» Problem details: Copy the records below in full and leave every image out of the copy.

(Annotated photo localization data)
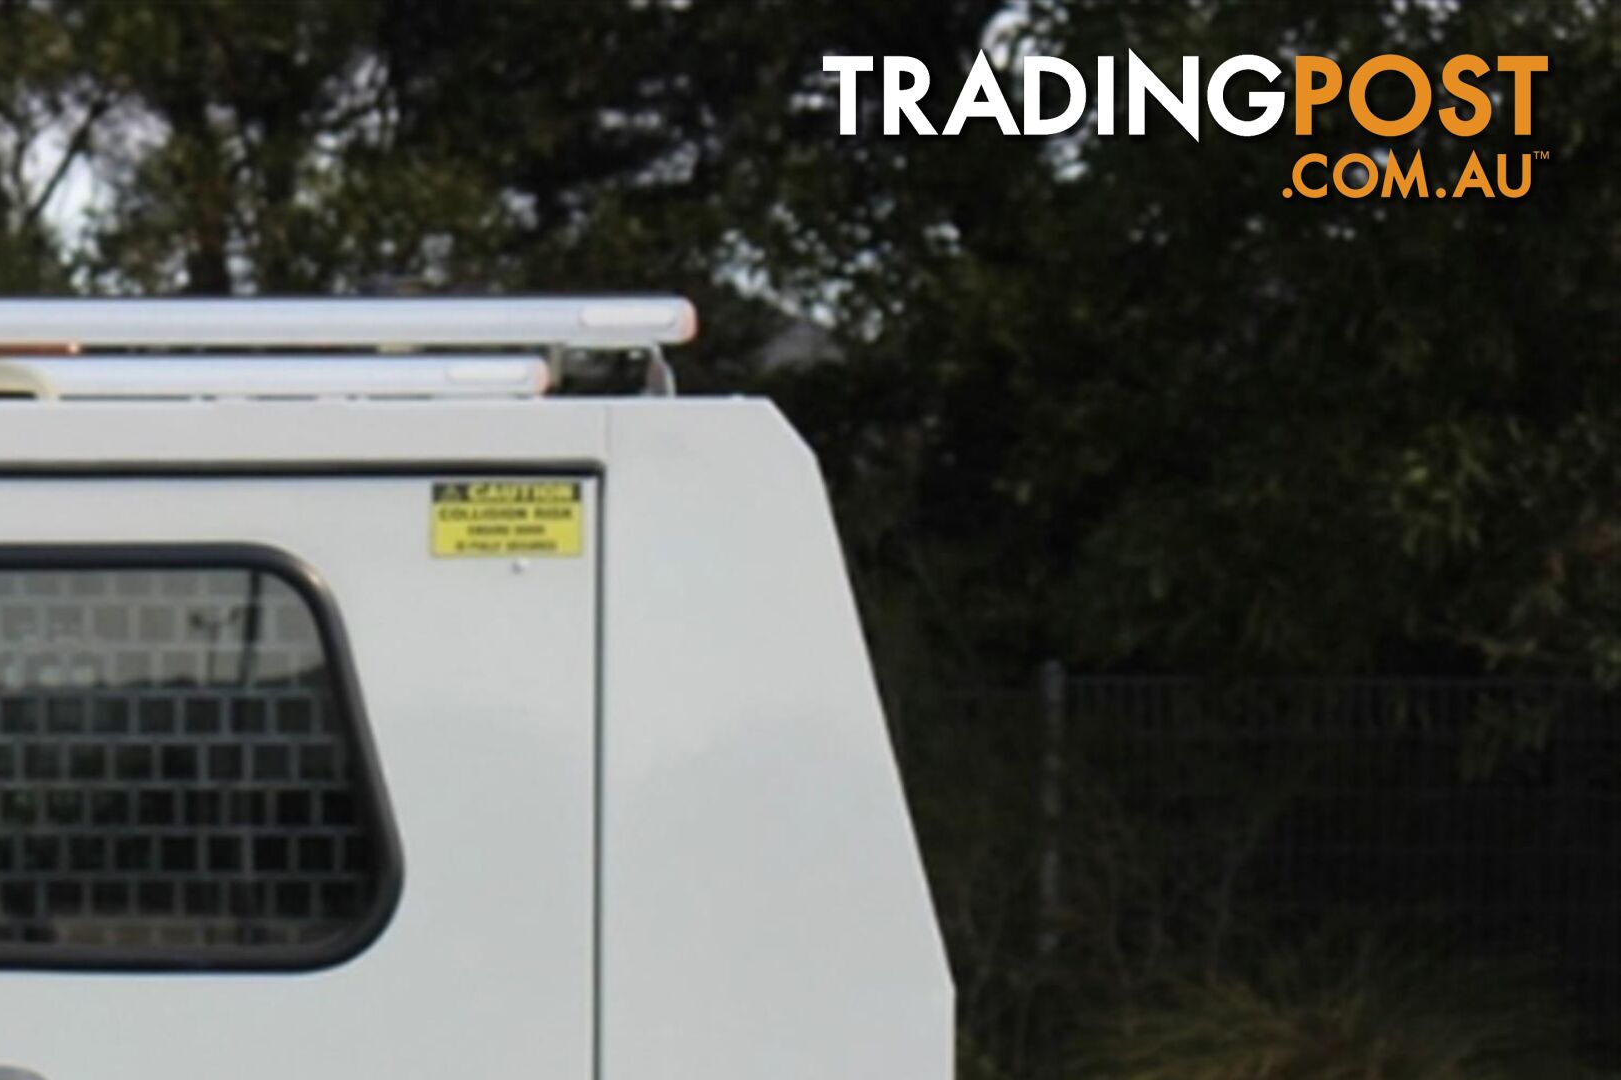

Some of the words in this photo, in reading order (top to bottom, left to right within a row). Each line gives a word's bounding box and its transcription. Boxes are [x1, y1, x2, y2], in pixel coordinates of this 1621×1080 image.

[468, 483, 572, 501] CAUTION
[438, 508, 527, 521] COLLISION
[534, 508, 573, 520] RISK
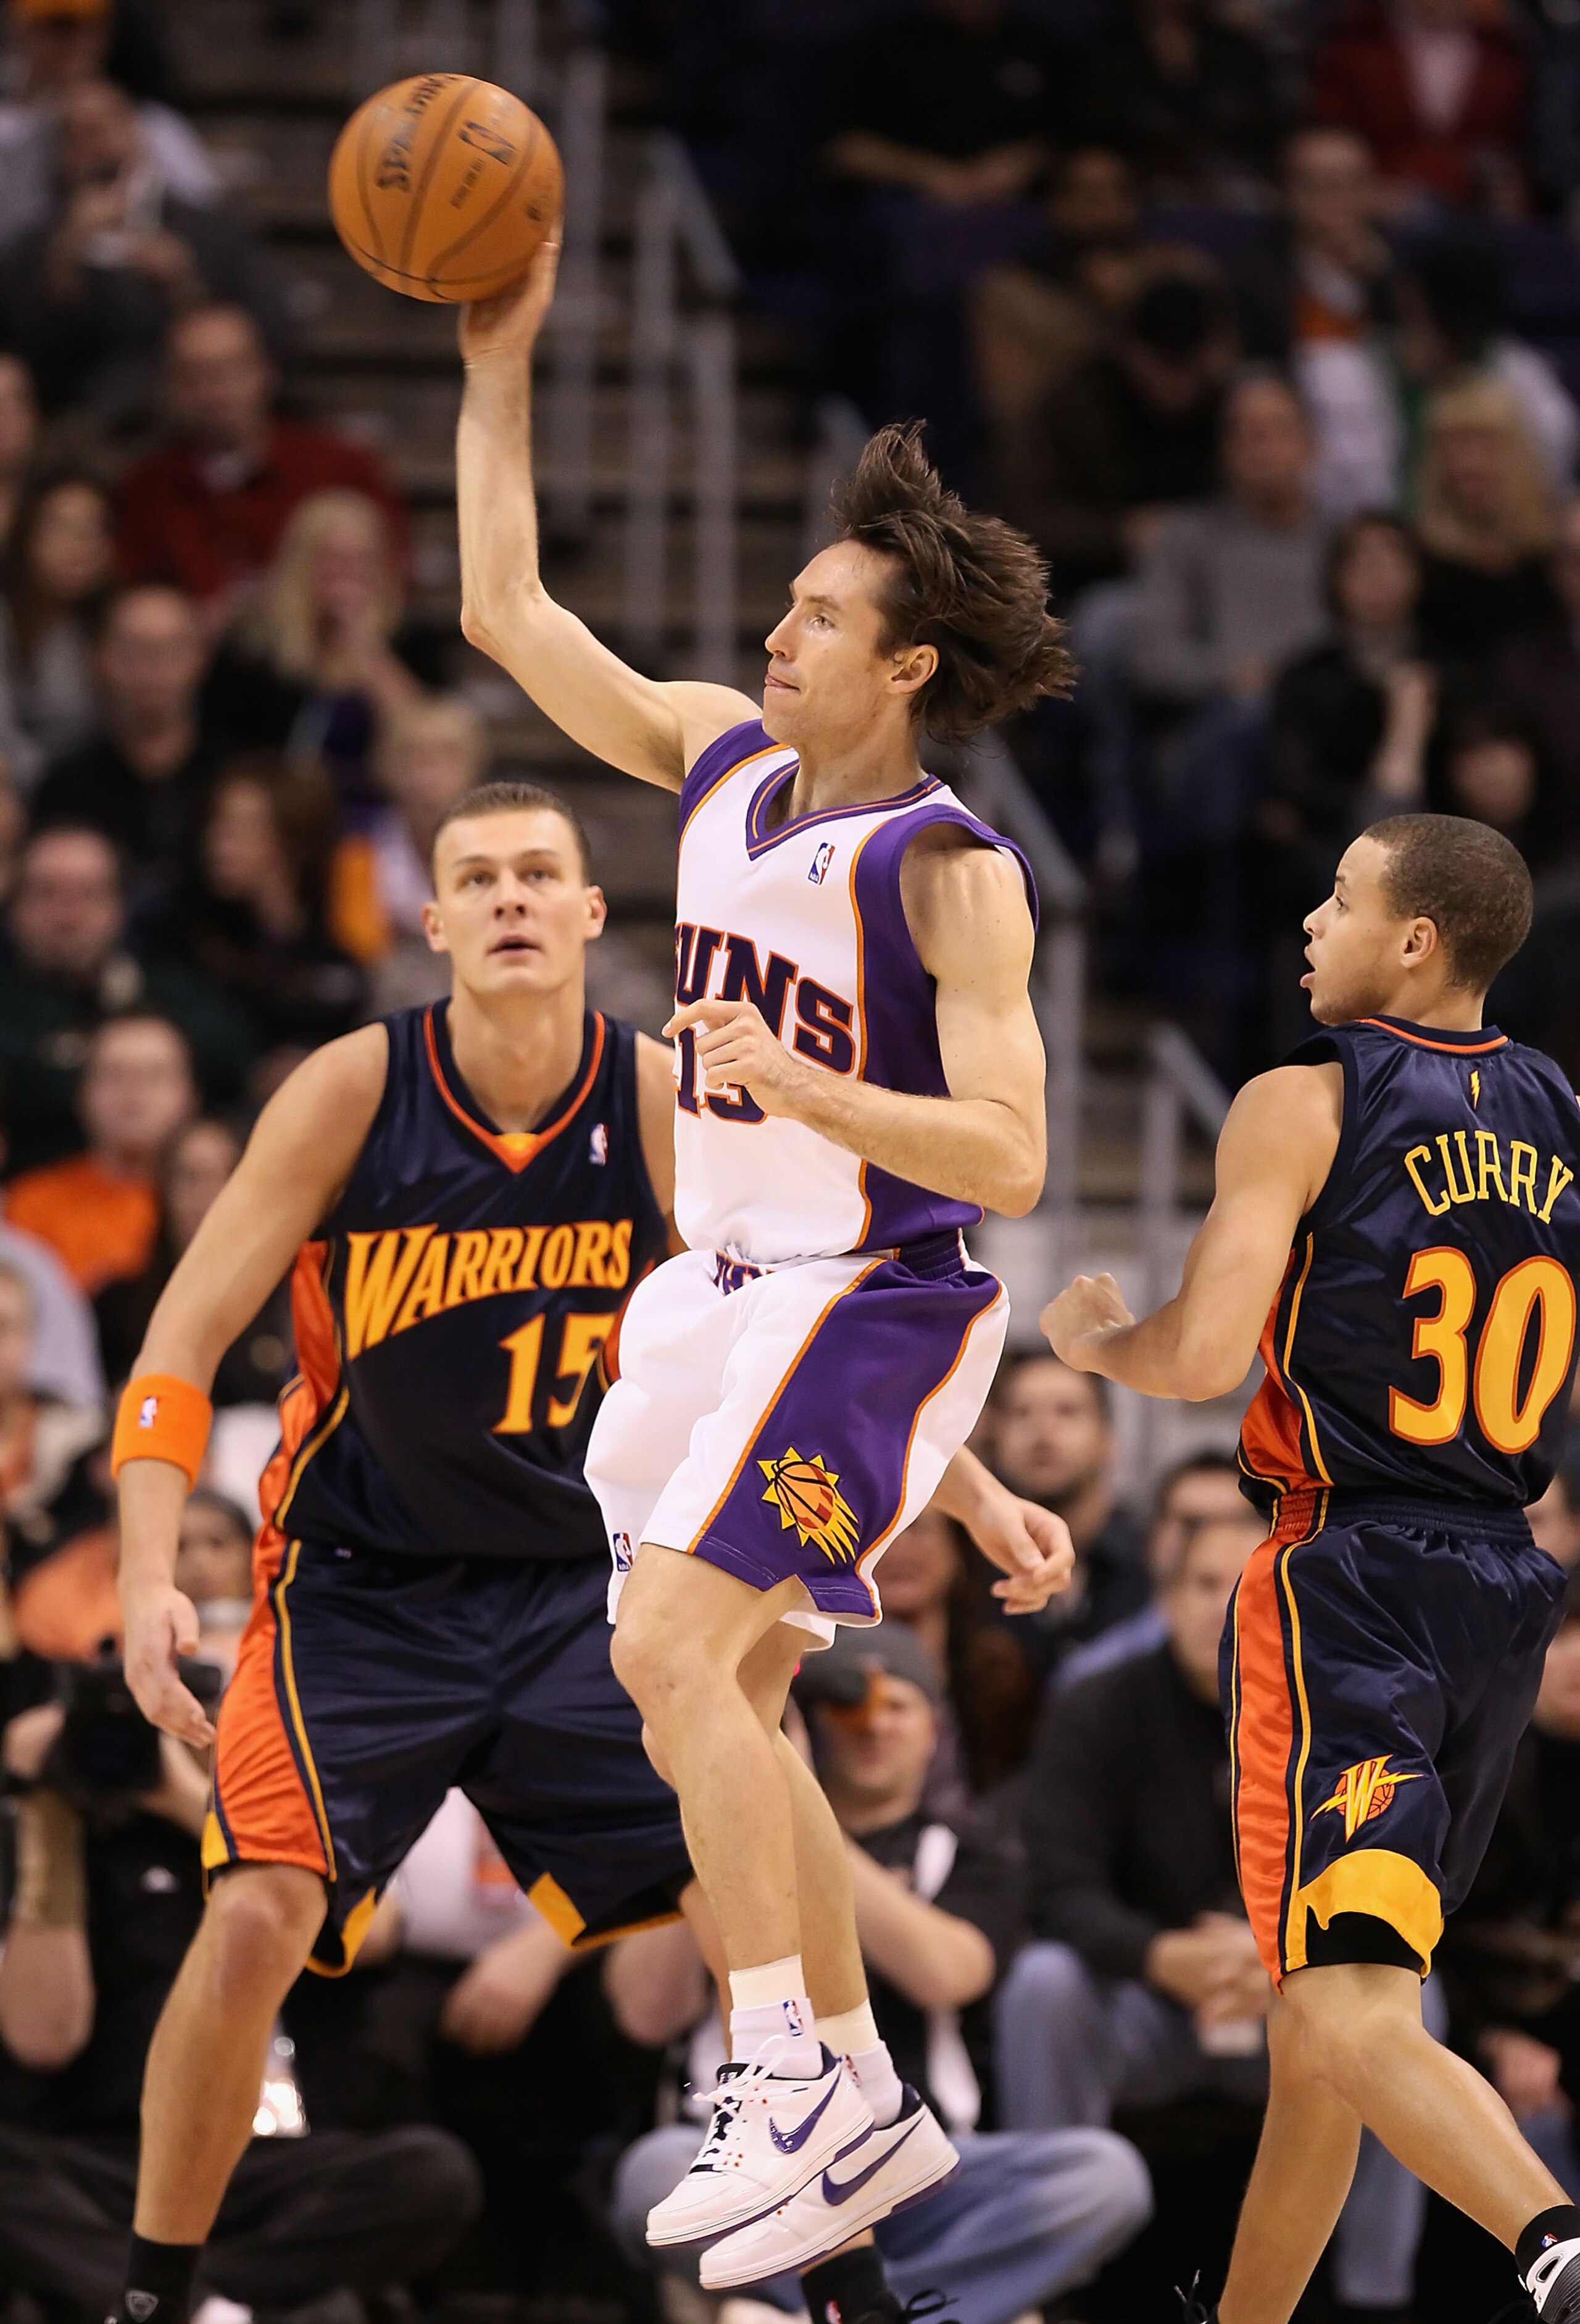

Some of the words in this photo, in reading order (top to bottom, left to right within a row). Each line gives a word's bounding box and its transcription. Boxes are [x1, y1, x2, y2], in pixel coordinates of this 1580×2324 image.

» Problem solution:
Some of the words in this photo, in reading order (top to bottom, left to right within a row). Each line gives a word's bounding box and its transcription. Boxes are [x1, y1, x2, y2], in pixel coordinates of this 1621×1080 image.

[468, 483, 572, 501] CAUTION
[438, 508, 527, 521] COLLISION
[534, 508, 573, 520] RISK

Some of the words in this photo, in reading order (top to bottom, left to right within a row). Each line gives a word's bounding box and its transcription. Boxes are [x1, y1, x2, y2], in pixel coordinates of this 1580×2324 image.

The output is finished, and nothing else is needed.